-- Opening Marker --
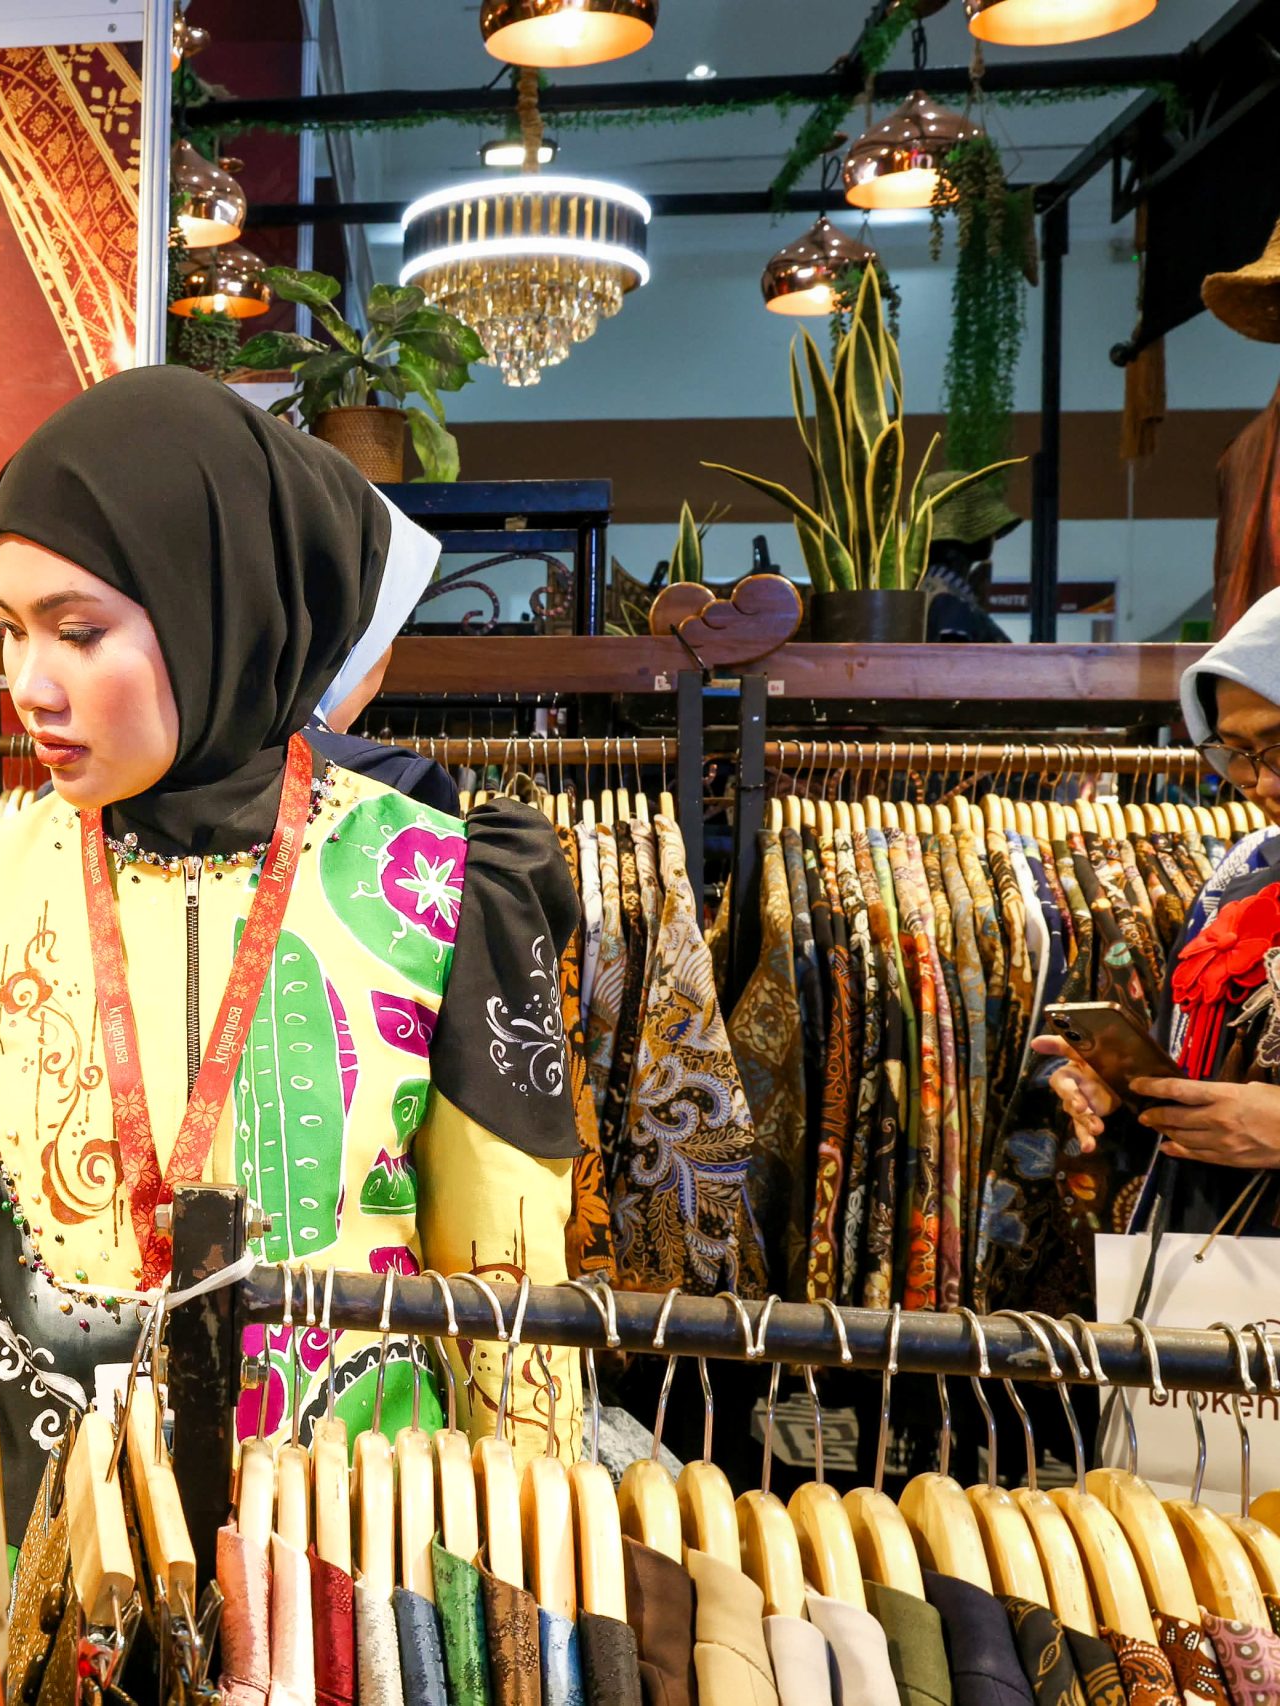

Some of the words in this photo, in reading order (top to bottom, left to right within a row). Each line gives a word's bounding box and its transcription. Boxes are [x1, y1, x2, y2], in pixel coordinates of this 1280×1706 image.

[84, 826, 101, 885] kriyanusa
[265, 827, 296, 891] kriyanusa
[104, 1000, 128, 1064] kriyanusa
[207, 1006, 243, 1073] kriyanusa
-- Closing Marker --
Output every entry exactly. Pictures stay out.

Some of the words in this photo, in reading order (top to bottom, left to right within a row). Each line gives a word's bounding box and its transcription. Boxes are [x1, y1, x2, y2], in pixel coordinates of this 1280×1706 image.

[84, 826, 101, 885] kriyanusa
[265, 827, 296, 891] kriyanusa
[104, 1000, 128, 1064] kriyanusa
[207, 1006, 243, 1073] kriyanusa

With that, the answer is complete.